Atopic dermatitis is the most common type of eczema that affects up to 20% of children and 5-10% of adults.
Causing dry, itchy, and cracked skin, atopic dermatitis is usually a long-term condition that requires ongoing treatment to manage.
The below guide will tell you everything you need to know about atopic dermatitis.
Read on to discover
- What is atopic dermatitis?
- What are the most common atopic dermatitis symptoms?
- What parts of the body does atopic dermatitis affect?
- Who is most at risk of developing atopic dermatitis?
- What are the most common causes of atopic dermatitis?
- How to diagnose atopic dermatitis?
- When to see your GP about atopic dermatitis?
- What is the best treatment for atopic dermatitis?
- How to treat atopic dermatitis at home
- How to prevent outbreaks of atopic dermatitis?
- How to live with atopic dermatitis
- What are other types of eczema?
- Atopic Dermatitis FAQs
What is atopic dermatitis?
Atopic dermatitis, also known as atopic eczema, is a chronic skin disease, often a long-term, which requires ongoing treatment to manage. It mostly affects children, but adults can also suffer from this condition.
Many people experience periods of time where their symptoms flare up, which are followed by periods of remission. Although there isn’t a cure for atopic dermatitis, infantile atopic dermatitis often goes away as the child gets older. In regard to atopic dermatitis in adults, there are several medications and treatments available that can manage the symptoms and reduce the number of outbreaks.
What are the most common atopic dermatitis symptoms?
What are the most common atopic dermatitis symptoms?
Some people experience mild atopic dermatitis symptoms, and others suffer from more severe atopic dermatitis.
Symptoms that occur in most atopic dermatitis cases include:
- Itchy skin
- Very dry skin
- Cracked skin
- Inflamed skin
- Red patches on light skin
- Brown, purple or grey patches on dark skin
What parts of the body does atopic dermatitis affect?
Atopic dermatitis can affect the skin on any area of the body, but the most commonly affected areas are:
In addition a atopic dermatitis can also affect eyelid, breast, feet, atopic neck, and legs.
Who is most at risk of developing atopic dermatitis?
Atopic dermatitis most commonly develops in childhood, typically in the first few months of a baby’s life.
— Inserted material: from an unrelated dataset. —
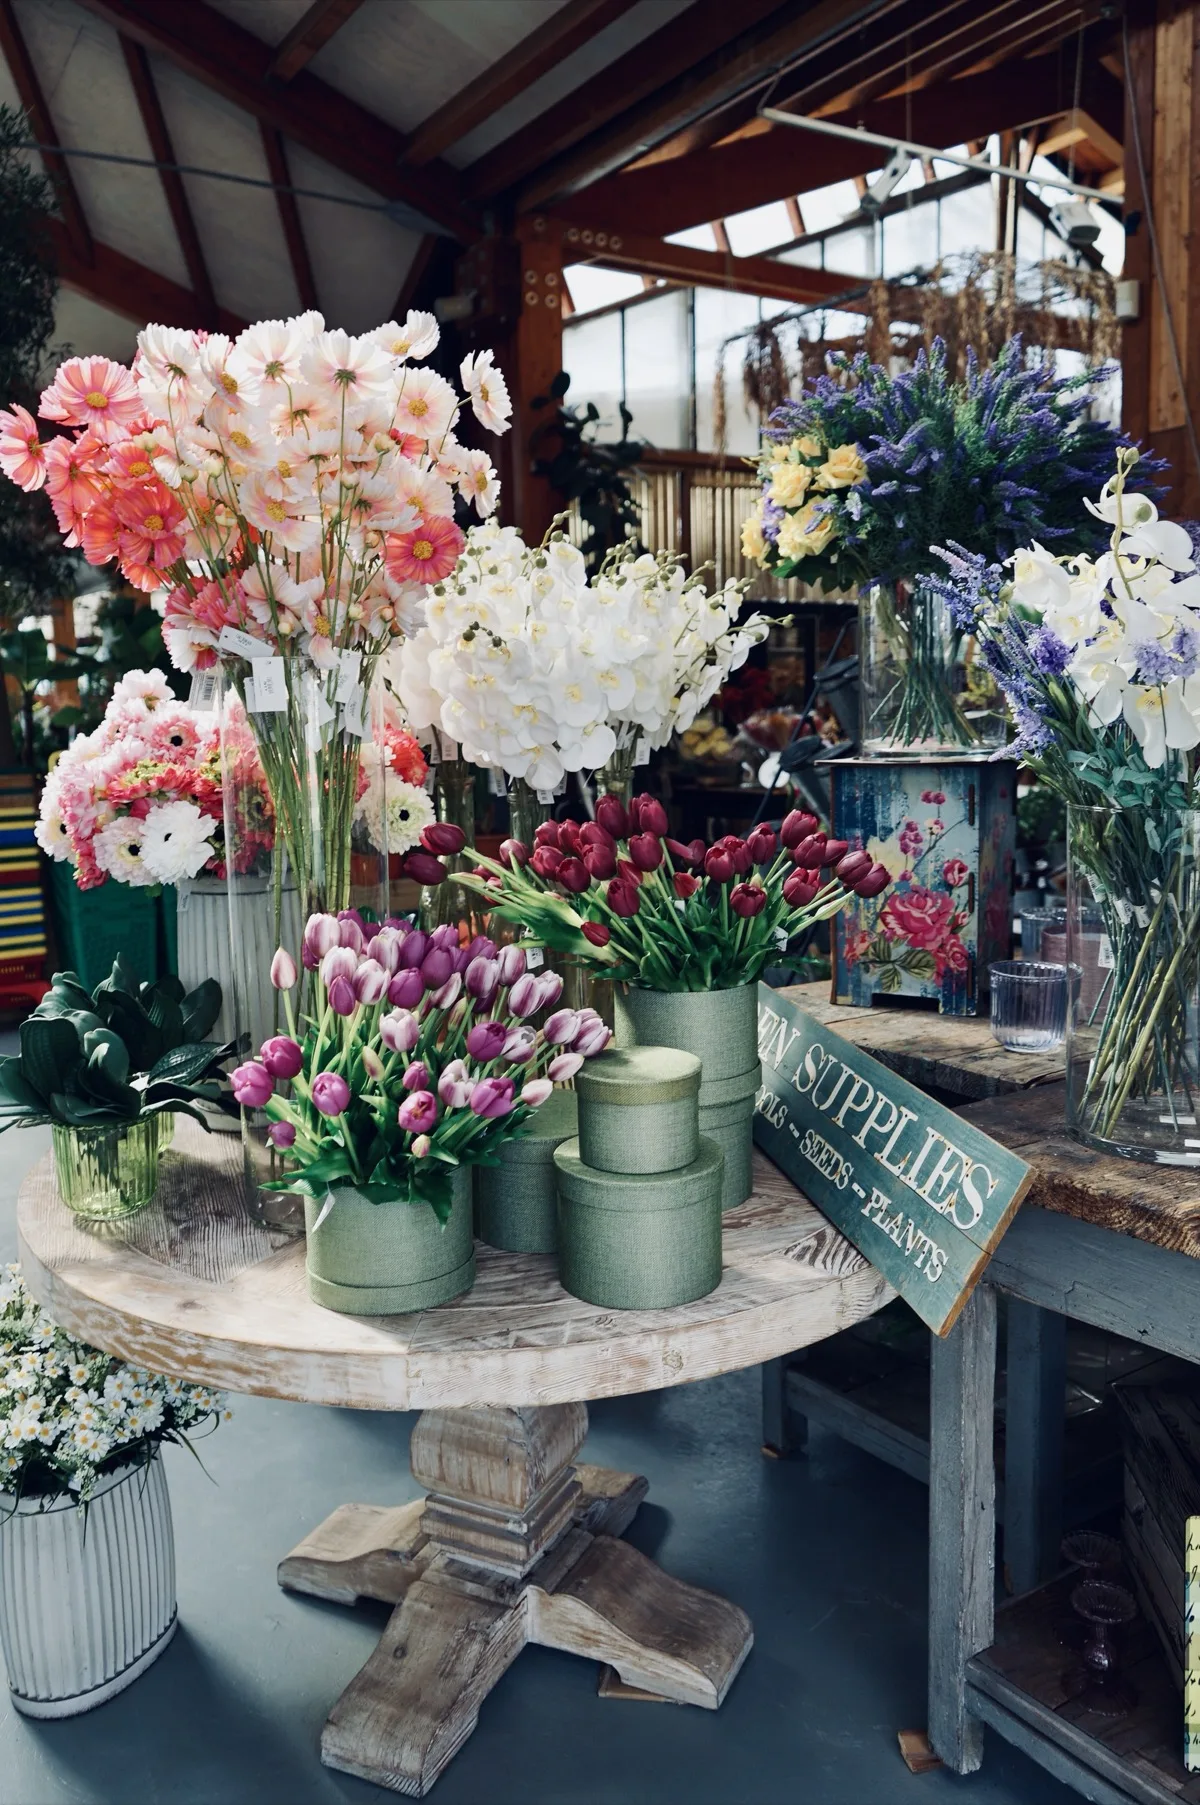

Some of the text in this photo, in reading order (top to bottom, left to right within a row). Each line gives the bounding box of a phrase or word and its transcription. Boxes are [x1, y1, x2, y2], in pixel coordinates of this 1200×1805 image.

Even though it is the most common type of eczema, atopic dermatitis is often long-lasting and severe.
In some children, atopic dermatitis can go away as they grow up. However, others will have this condition throughout their lives.
People with either asthma or allergies such as hay fever are also more likely to develop atopic dermatitis.
What are the most common causes of atopic dermatitis?
There is no definitive cause of atopic dermatitis, but in addition to genetic susceptibility it is known that there are several contributing factors to this condition.
Some of the most common causes of atopic dermatitis are as follows:
Allergies and asthma
If you have any allergies or suffer from asthma, you are more likely to develop atopic dermatitis. If allergies and asthma run in your family, for example, one or both of your parents have allergies or asthma, you are also more at risk of developing this condition.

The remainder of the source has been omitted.